Exercise description —
Output every entry exactly as written, skipping any pictures.

Exercise data —
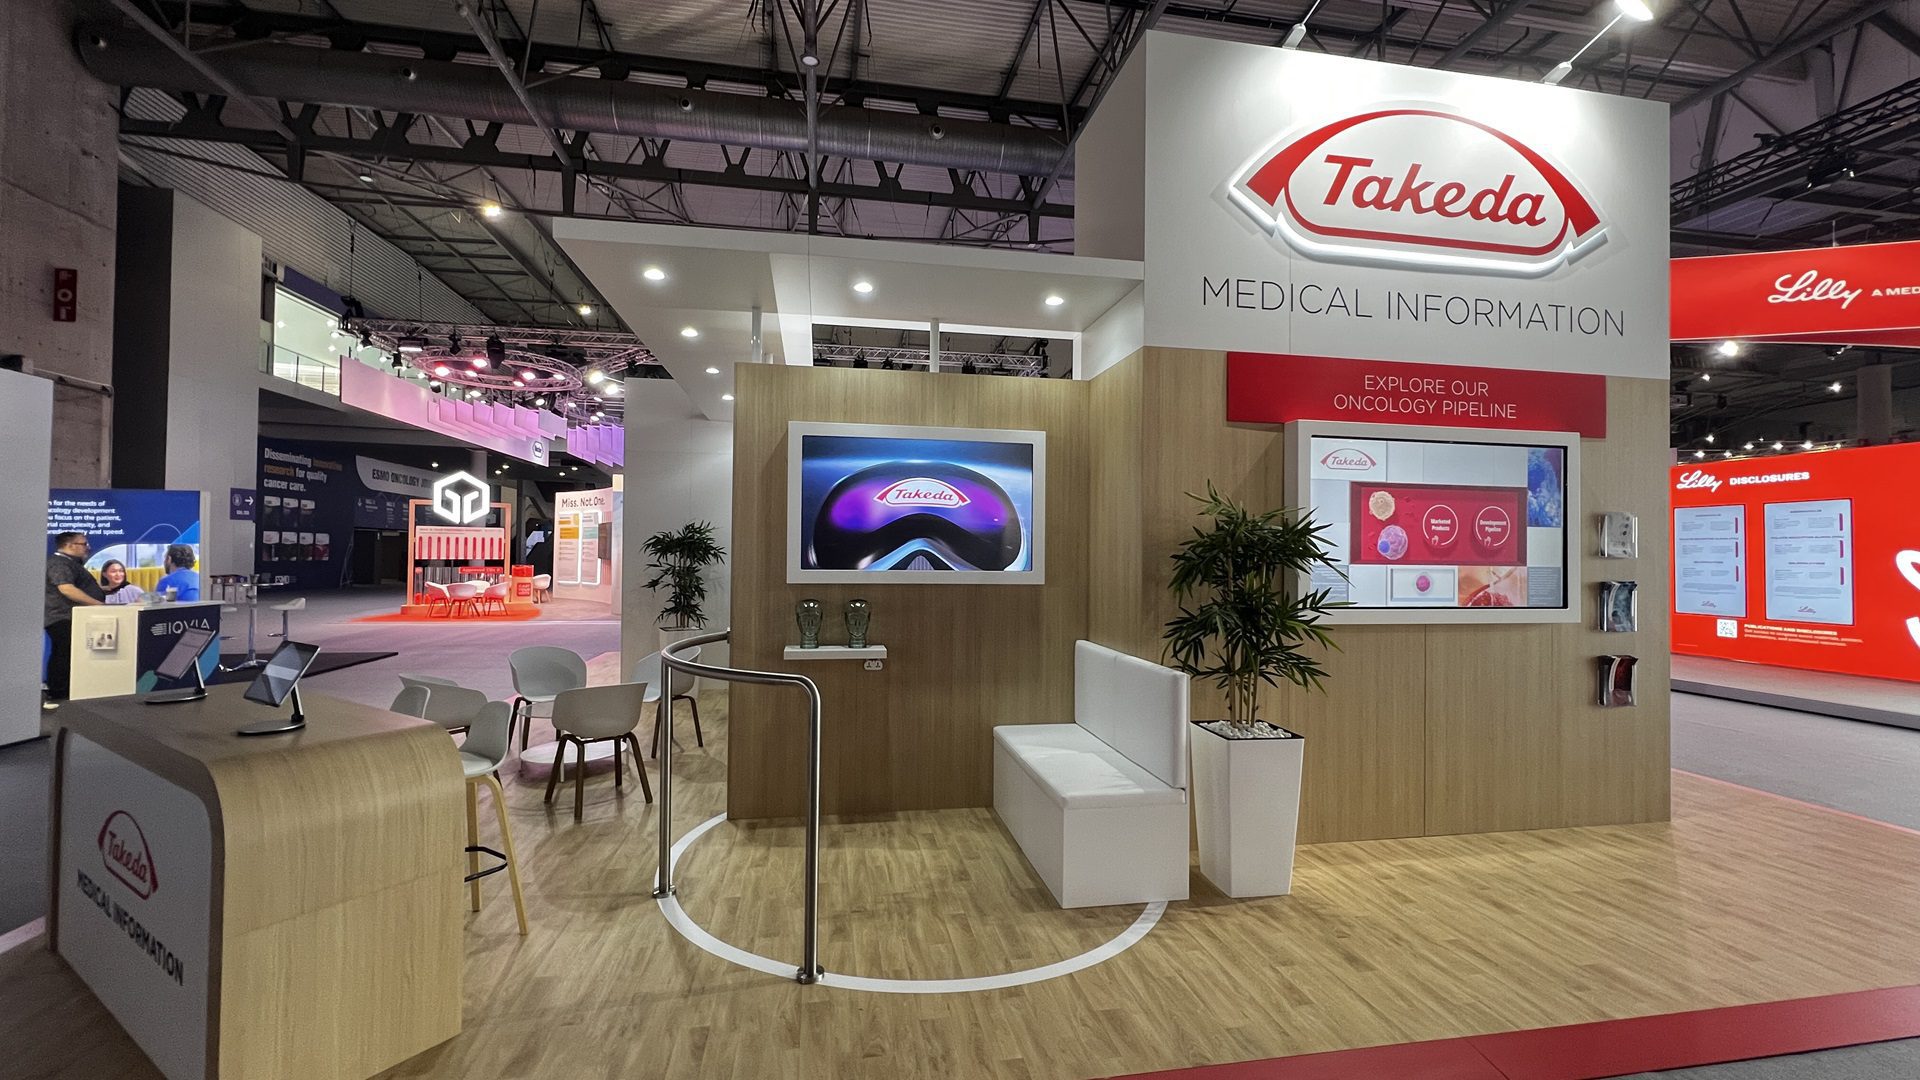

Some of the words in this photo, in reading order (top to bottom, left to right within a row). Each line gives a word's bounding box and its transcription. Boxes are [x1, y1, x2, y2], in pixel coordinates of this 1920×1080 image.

[1322, 154, 1547, 227] Takeda
[1767, 269, 1863, 309] Lilly
[1871, 288, 1883, 297] A
[1202, 275, 1373, 319] MEDICAL
[1387, 291, 1625, 337] INFORMATION
[1364, 375, 1445, 395] EXPLORE
[1451, 380, 1489, 397] OUR
[1333, 393, 1439, 415] ONCOLOGY
[1442, 400, 1517, 419] PIPELINE
[264, 447, 312, 468] Disseminating
[1331, 456, 1368, 467] Takeda
[263, 478, 288, 490] cancer
[289, 481, 306, 492] care.
[295, 467, 306, 478] for
[306, 470, 327, 484] quality
[372, 469, 390, 481] ESMO
[391, 472, 420, 487] ONCOLOGY
[1676, 470, 1722, 492] Lilly
[1729, 471, 1810, 486] DISCLOSURES
[561, 498, 579, 508] Miss.
[894, 488, 954, 501] Takeda
[107, 829, 149, 883] Takeda
[77, 868, 112, 919] MEDICAL
[112, 901, 184, 987] INFORMATION
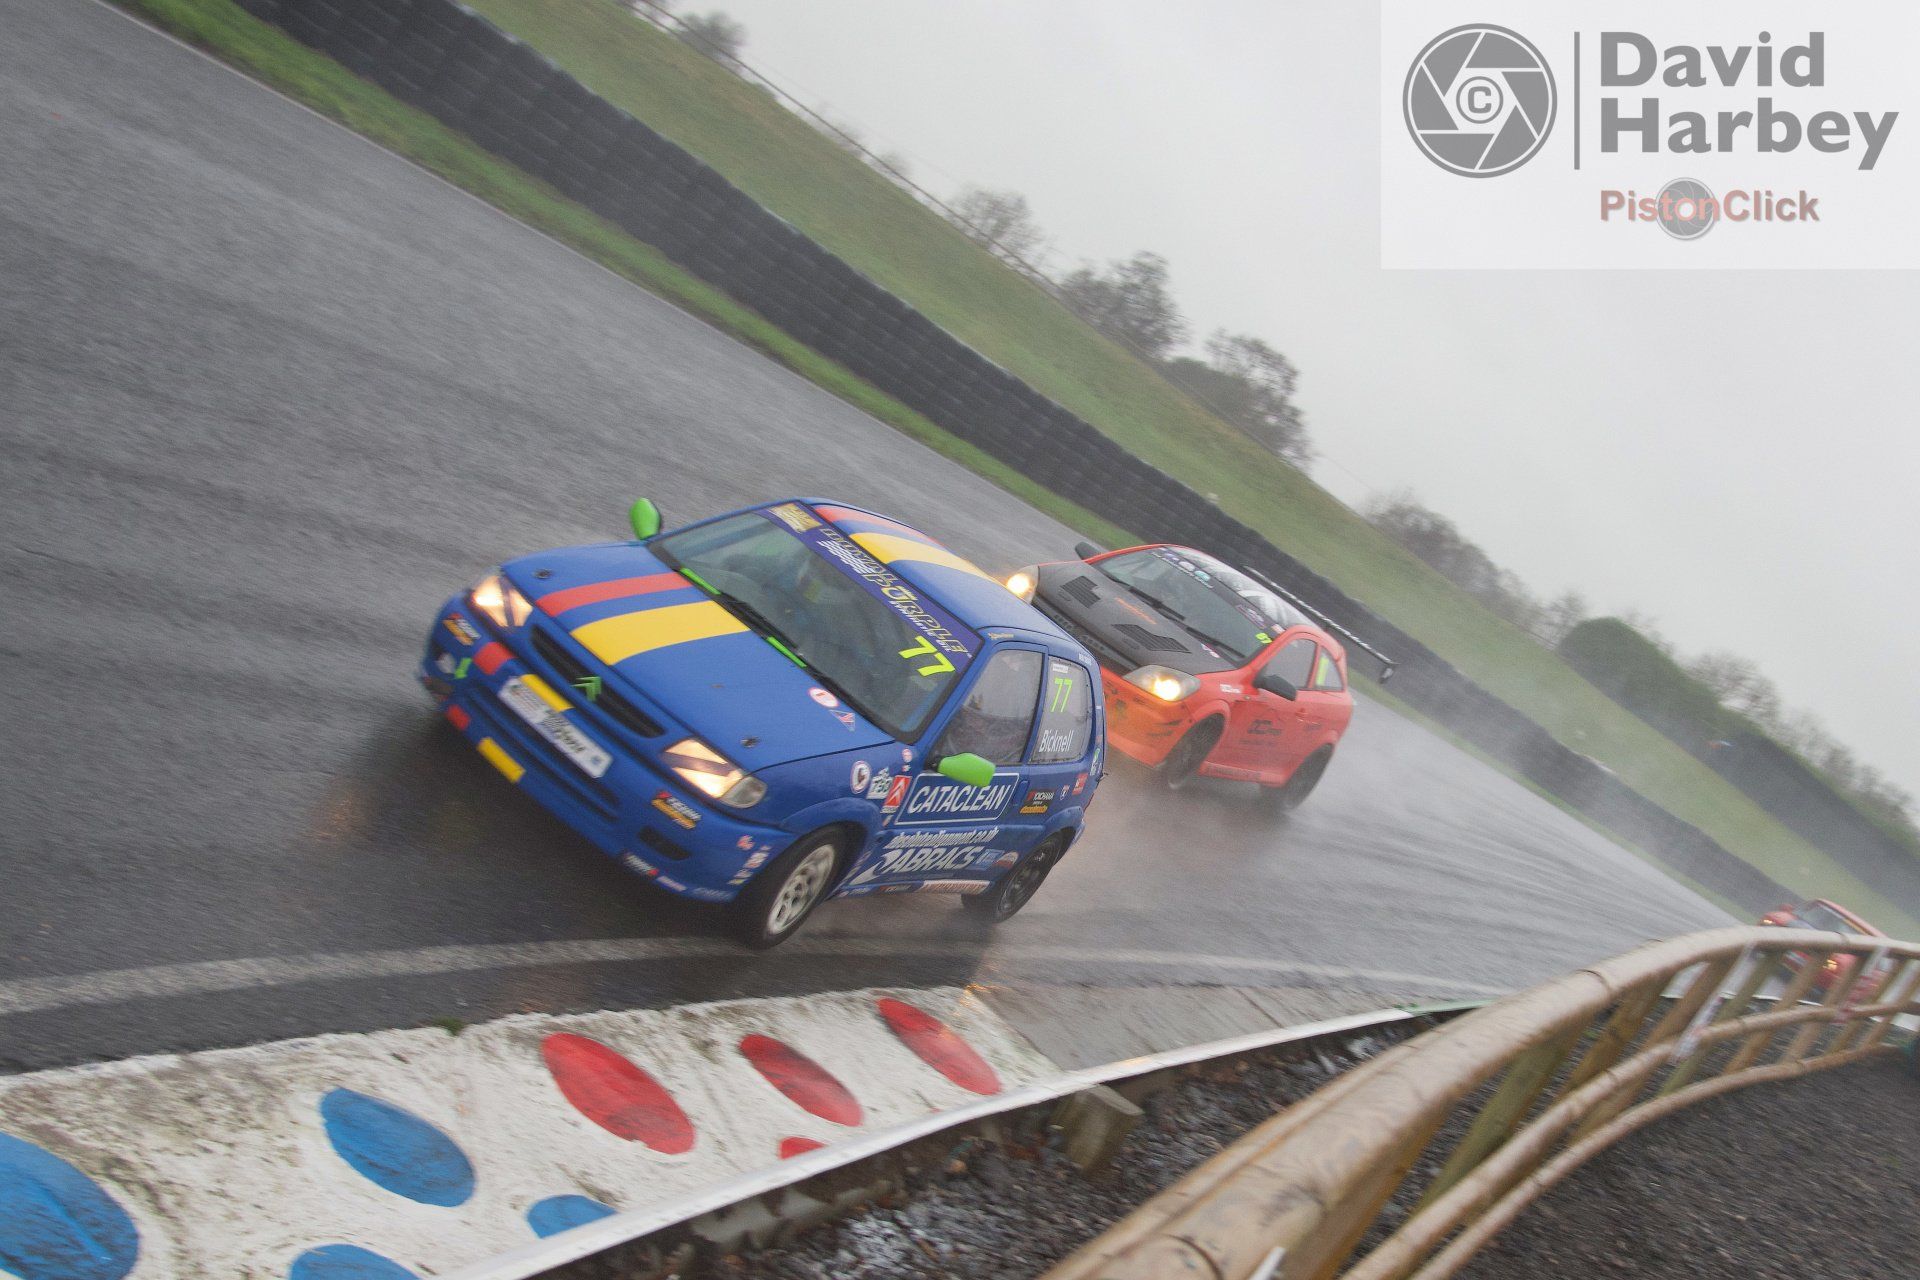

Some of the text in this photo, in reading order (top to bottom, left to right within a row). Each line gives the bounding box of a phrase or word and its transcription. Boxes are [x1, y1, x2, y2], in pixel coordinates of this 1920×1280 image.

[861, 573, 969, 653] PURPLE
[898, 635, 956, 677] 77
[1050, 677, 1073, 713] 77
[1038, 729, 1075, 753] Bicknell
[906, 783, 1010, 815] CATACLEAN
[880, 845, 985, 874] ABRACS

Task response —
Some of the words in this photo, in reading order (top to bottom, left to right within a row). Each line gives a word's bounding box and its transcription. Boxes are [x1, y1, x2, y2], in pixel coordinates of this 1920×1080 image.

[1322, 154, 1547, 227] Takeda
[1767, 269, 1863, 309] Lilly
[1871, 288, 1883, 297] A
[1202, 275, 1373, 319] MEDICAL
[1387, 291, 1625, 337] INFORMATION
[1364, 375, 1445, 395] EXPLORE
[1451, 380, 1489, 397] OUR
[1333, 393, 1439, 415] ONCOLOGY
[1442, 400, 1517, 419] PIPELINE
[264, 447, 312, 468] Disseminating
[1331, 456, 1368, 467] Takeda
[263, 478, 288, 490] cancer
[289, 481, 306, 492] care.
[295, 467, 306, 478] for
[306, 470, 327, 484] quality
[372, 469, 390, 481] ESMO
[391, 472, 420, 487] ONCOLOGY
[1676, 470, 1722, 492] Lilly
[1729, 471, 1810, 486] DISCLOSURES
[561, 498, 579, 508] Miss.
[894, 488, 954, 501] Takeda
[107, 829, 149, 883] Takeda
[77, 868, 112, 919] MEDICAL
[112, 901, 184, 987] INFORMATION

Some of the text in this photo, in reading order (top to bottom, left to right within a row). Each line gives the bounding box of a phrase or word and its transcription. Boxes are [x1, y1, x2, y2], in pixel coordinates of this 1920×1280 image.

[861, 573, 969, 653] PURPLE
[898, 635, 956, 677] 77
[1050, 677, 1073, 713] 77
[1038, 729, 1075, 753] Bicknell
[906, 783, 1010, 815] CATACLEAN
[880, 845, 985, 874] ABRACS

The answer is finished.